Large-depth hydrogeological detection in the North China-type coalfield through short-offset grounded-wire TEM

Abstract

The North China-type coalfield is the most important coalfield in China. With the development of Chinese economy, shallow coal resources (<600 m) have been exhausted and large-depth detection is being conducted. Water-inrush is disastrous for coal mining. However, large-depth (600–1200 m) detection of water-filled zones in the North China-type coalfield is a difficult geophysical task due to its low-resistivity coverage. The traditional loop-source transient electromagnetic method (TEM) cannot realize large-depth detection.

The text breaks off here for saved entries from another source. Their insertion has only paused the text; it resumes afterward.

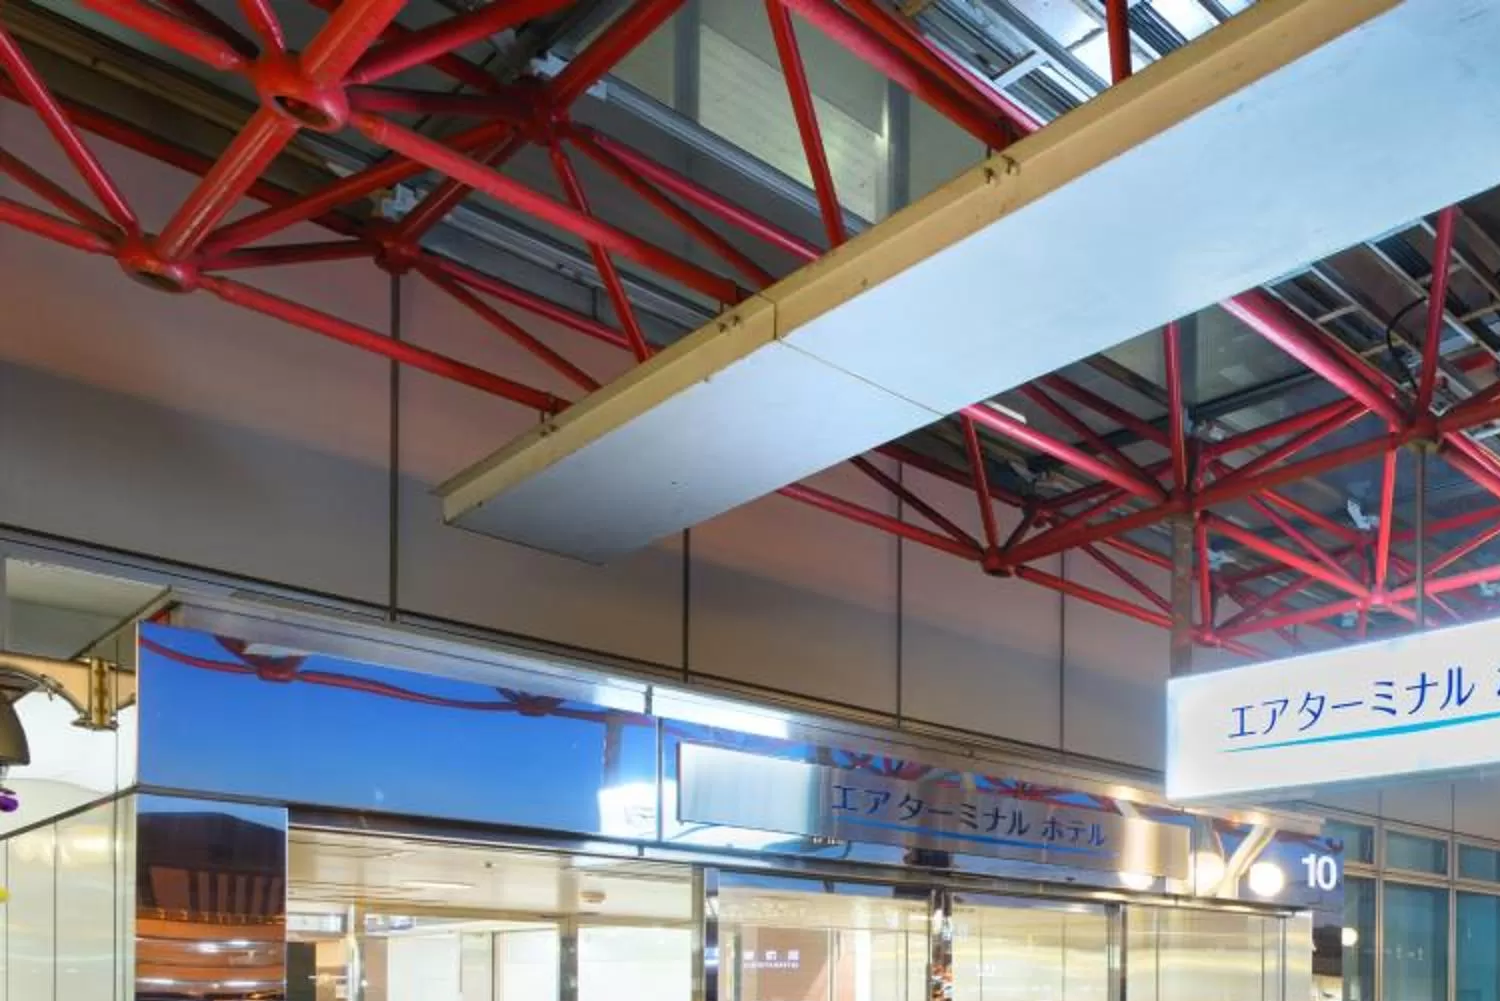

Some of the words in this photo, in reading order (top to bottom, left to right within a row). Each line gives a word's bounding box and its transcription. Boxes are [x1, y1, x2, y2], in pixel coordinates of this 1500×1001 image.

[1228, 665, 1475, 739] エアターミナル
[831, 784, 1030, 838] エアターミナル
[1042, 817, 1106, 847] ホテル
[1301, 854, 1338, 891] 10
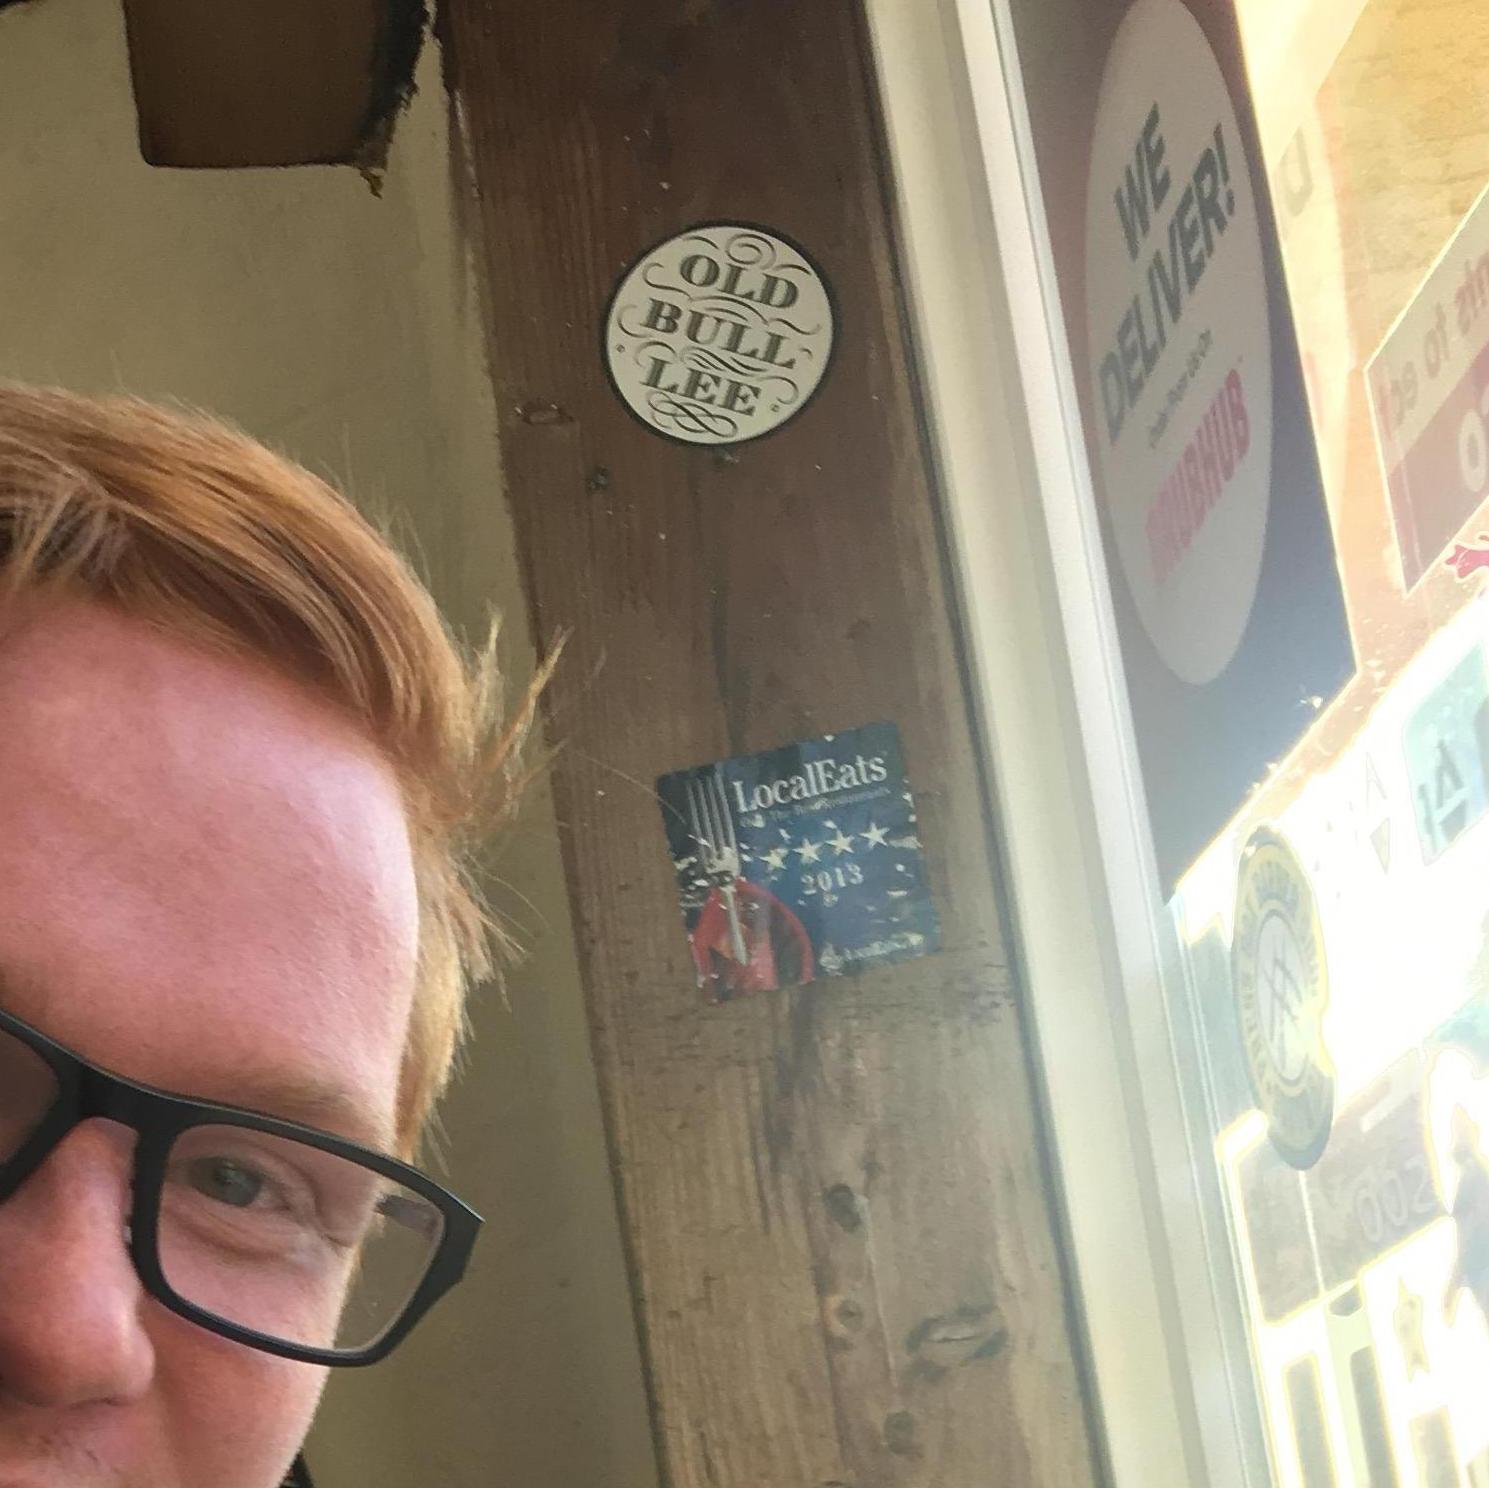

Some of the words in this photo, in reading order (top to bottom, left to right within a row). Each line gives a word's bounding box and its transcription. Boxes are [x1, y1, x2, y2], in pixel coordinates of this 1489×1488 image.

On the other hand, high-resolution detection of LOTEM is limited by the problem of recording points and large volume effect. To explore the large-depth targets with high-resolution, Short-offset grounded TEM (SOTEM) was applied in the North China-type coalfield. SOTEM is one branch of grounded-wire TEM. The response of SOTEM is calculated using superposing-dipole method rather than the direct-dipole approximation, which is used in the calculation of the response of LOTEM. This paper analyzes the comparison of the resolution and detection depth between SOTEM and loop-source TEM at first. Compared to the loop-source TEM with frequently used parameters, the detection depth of SOTEM with the usual setup parameters is about twice of magnitude, and the resolution capability of SOTEM at large depth is higher than that of loop-source TEM. Then, the resolution capability and detection depth between LOTEM and SOTEM are analyzed. For the grounded-wire TEM, offsets are strictly related to the detection depth. So, the detection depth of LOTEM with larger receiver–transmitter offset will be greater. However, at the depth of 600–1200 m, the resolution capability to conductive targets of SOTEM is higher than that of LOTEM. At last, SOTEM with a 1000-m long source and 1000–2000 m offset is applied to the 1200 m-depth exploration of water-filled zones in the North China-type coalfield. The induced voltage is observed and transformed into magnetic field. Then, the data is inverted using the least mean fourth algorithm. The distribution of water on the top and bottom surface of the large-depth No. 4 coal seam is given, and is verified by the drilling result.